Within an hour, police escort four men out of the park, and later make three arrests including Jason Gardner, 25, a man found at Hudson Street and East Broadway who police say had an arrest warrant in Paramus for shoplifting.

Police said Gardner told them he was staying at the shelter

According to Mordaga, warrant arrests for people who tell police they're staying at the shelter are very common.

Joseph Lisanti, for example, was one of the first arrests made as a result of the collaboration between Hackensack police and the Sheriff's Office, according to Mordaga.

Lisanti was arrested on May 13 after he was spotted behind the bushes of a home. Police allege the caught Lisanti with burglary tools, heroin and jewelry taken from a home in Old Tappan.

Bergen County Sheriff Michael Saudino joined Mordaga for part of the tour. He said Mordaga asked for assistance and he was willing to collaborate.

"I saw the need for it," said Saudino, standing on the waterfront walkway behind Costco where many tree branches and shrubs were cut away from the hurricane fence. "Mike and I rode around, as we are doing right now, and saw certain things in the city. And I know Hackensack is trying very hard to clean up their city. And we're just doing our part."

Mordaga said the Bergen County Prosecutor's Office along with Little Ferry and South Hackensack are working jointly on the quality of life initiative.

Seeking shelter

Later, at an abandoned home at the corner of Hudson and Kansas streets, police are joined by the Hackensack Fire Department to secure the boarded property.

Smith and Hague enter the dark, dirty and disheveled house. The sergeants' flashlights reveal a kitchen littered with empty liquor bottles, drug paraphernalia and the remnants of a fire set in the sink.
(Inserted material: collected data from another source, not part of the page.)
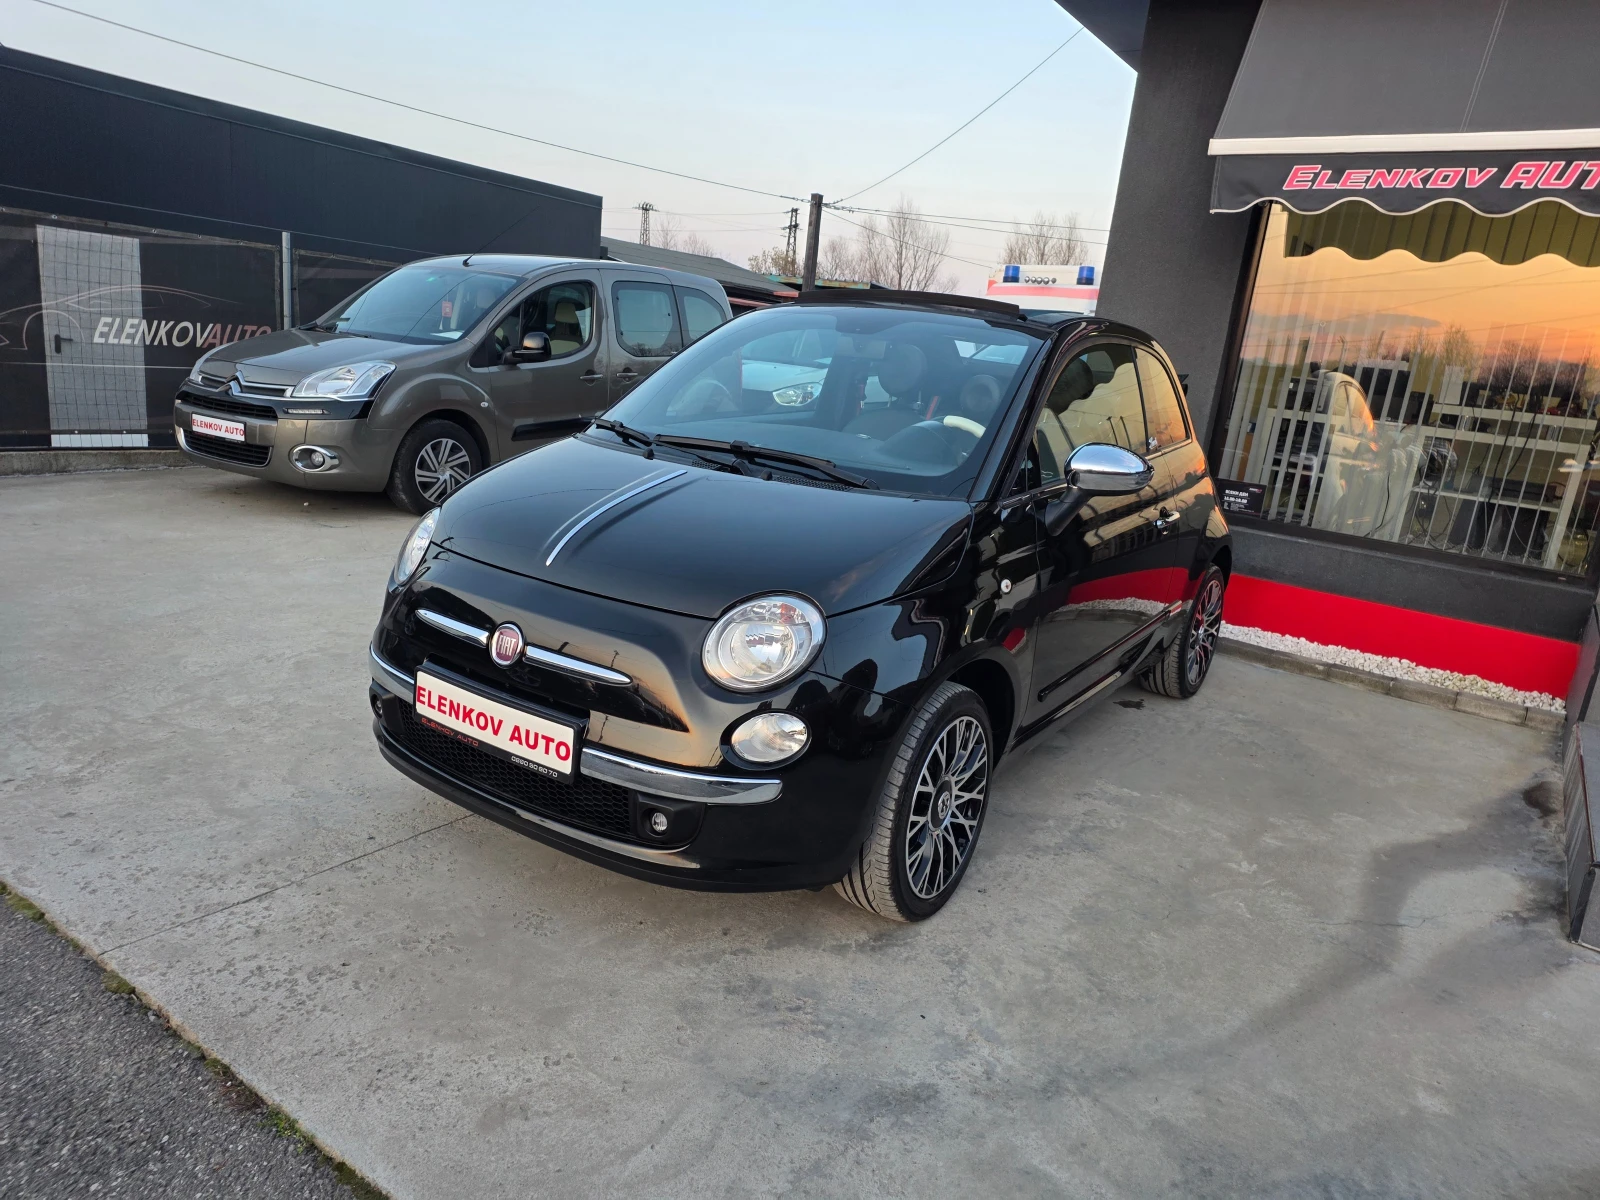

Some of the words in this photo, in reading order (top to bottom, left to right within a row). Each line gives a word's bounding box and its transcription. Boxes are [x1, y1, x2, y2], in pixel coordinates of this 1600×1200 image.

[192, 418, 223, 432] ELENKOV
[224, 425, 245, 437] AUTO
[496, 633, 517, 657] FIAT
[416, 685, 503, 737] ELENKOV
[508, 725, 571, 762] AUTO
[456, 734, 479, 747] AUTO
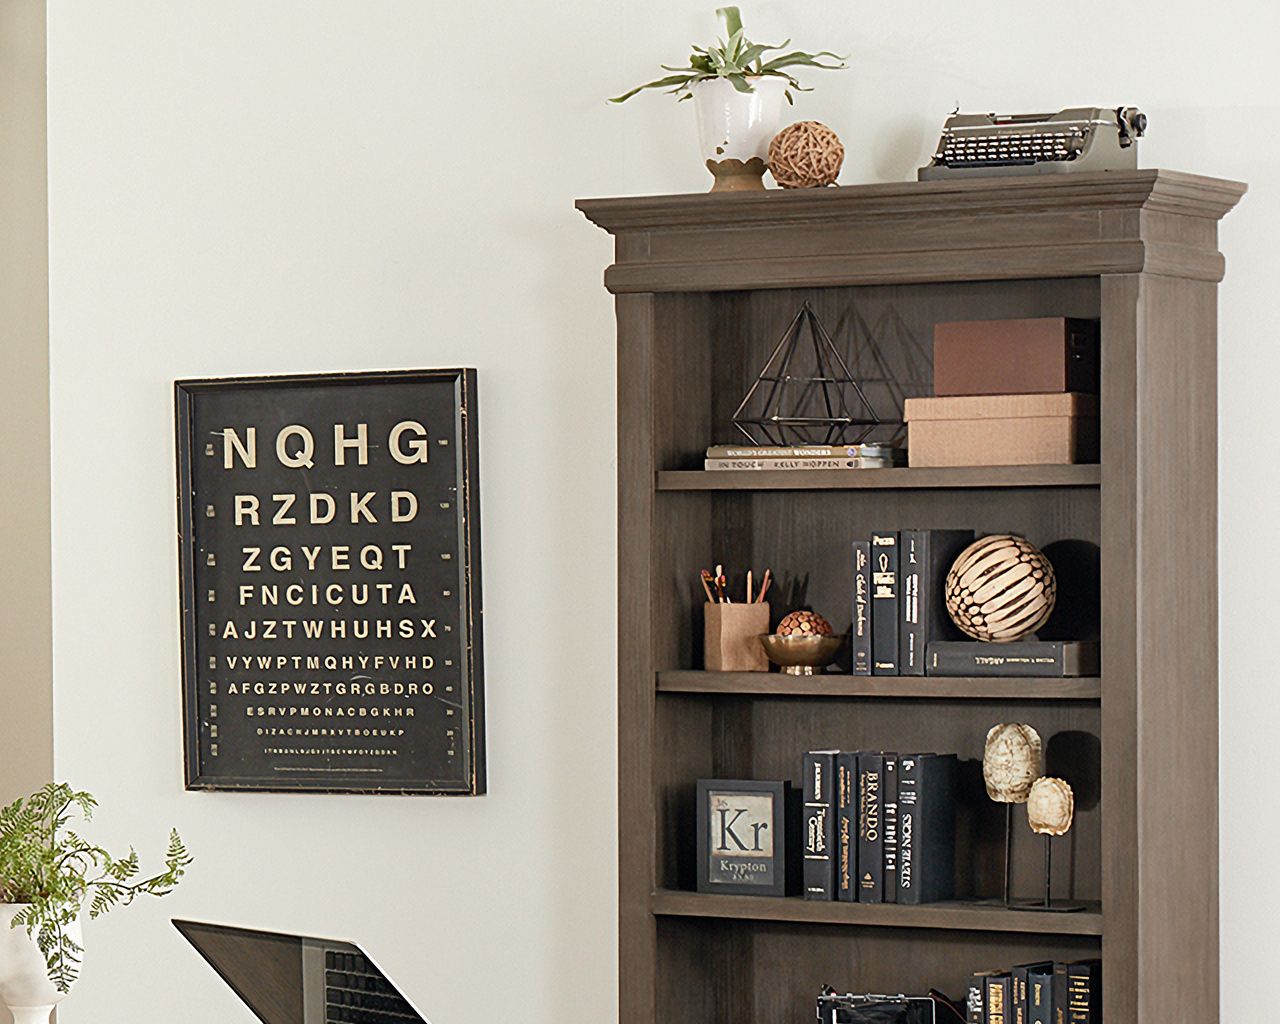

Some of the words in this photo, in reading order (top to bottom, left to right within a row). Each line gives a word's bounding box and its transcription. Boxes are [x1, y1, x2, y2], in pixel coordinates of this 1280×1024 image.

[867, 772, 878, 841] BRANDO
[716, 808, 768, 851] Kr
[720, 860, 767, 874] Krypton
The unkempt backyard is also strewn with trash, a supermarket shopping cart, beer cans and empty bottles of rum.

According to police, any empty property has the potential to become a drug den and a hangout spot for squatters.

Back on the waterfront behind Home Liquors, a man in a torpor sitting on wood pallets - a can of beer, a box of Pall Mall cigarettes and lighter at his side - declined an interview. It's early afternoon.
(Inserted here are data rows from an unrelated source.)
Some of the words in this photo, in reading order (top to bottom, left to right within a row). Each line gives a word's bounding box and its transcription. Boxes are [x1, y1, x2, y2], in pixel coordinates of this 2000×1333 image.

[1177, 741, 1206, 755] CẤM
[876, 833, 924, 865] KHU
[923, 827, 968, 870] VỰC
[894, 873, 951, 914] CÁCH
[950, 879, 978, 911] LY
Hackensack residents said the presence of homeless who drink and who appear mentally ill is not limited to the waterfront.

"In the past we would have people from the shelter walking up and down the street aimless going from place to place," said Mary Ann Tamberelli, 66, a Broadway resident. "They would just sit there and if they had alcohol they would sit and drink. We had an incident when a guy just passed out. That was commonplace to see. Going into this summer it's much better.

Tamberelli provided an undated picture showing a man sleeping in the garden that sits in front of her next door neighbor's front porch. The man's legs are seen sticking out of the bushes, hanging over the red brick retaining wall.

According to Tamberelli, her daughter Marcie Pernetti had just pulled into the driveway with her 9-year-old daughter. Tamberelli said she called police who drove away with the man without incident.

While Hackensack police and residents spend part of their day dealing with the homeless, for Julia Orlando, the shelter director, the challenge is a full-time job.

Staying as "Guests"

During an interview on July 22, Orlando said the homeless who stay at the shelter are referred to as "guests" rather than residents because the goal is to get them permanent housing.

"Being that it is probably the nicest shelter, probably in the country, we have rules in place to make sure that people understand that this is not a permanent place," said Orlando.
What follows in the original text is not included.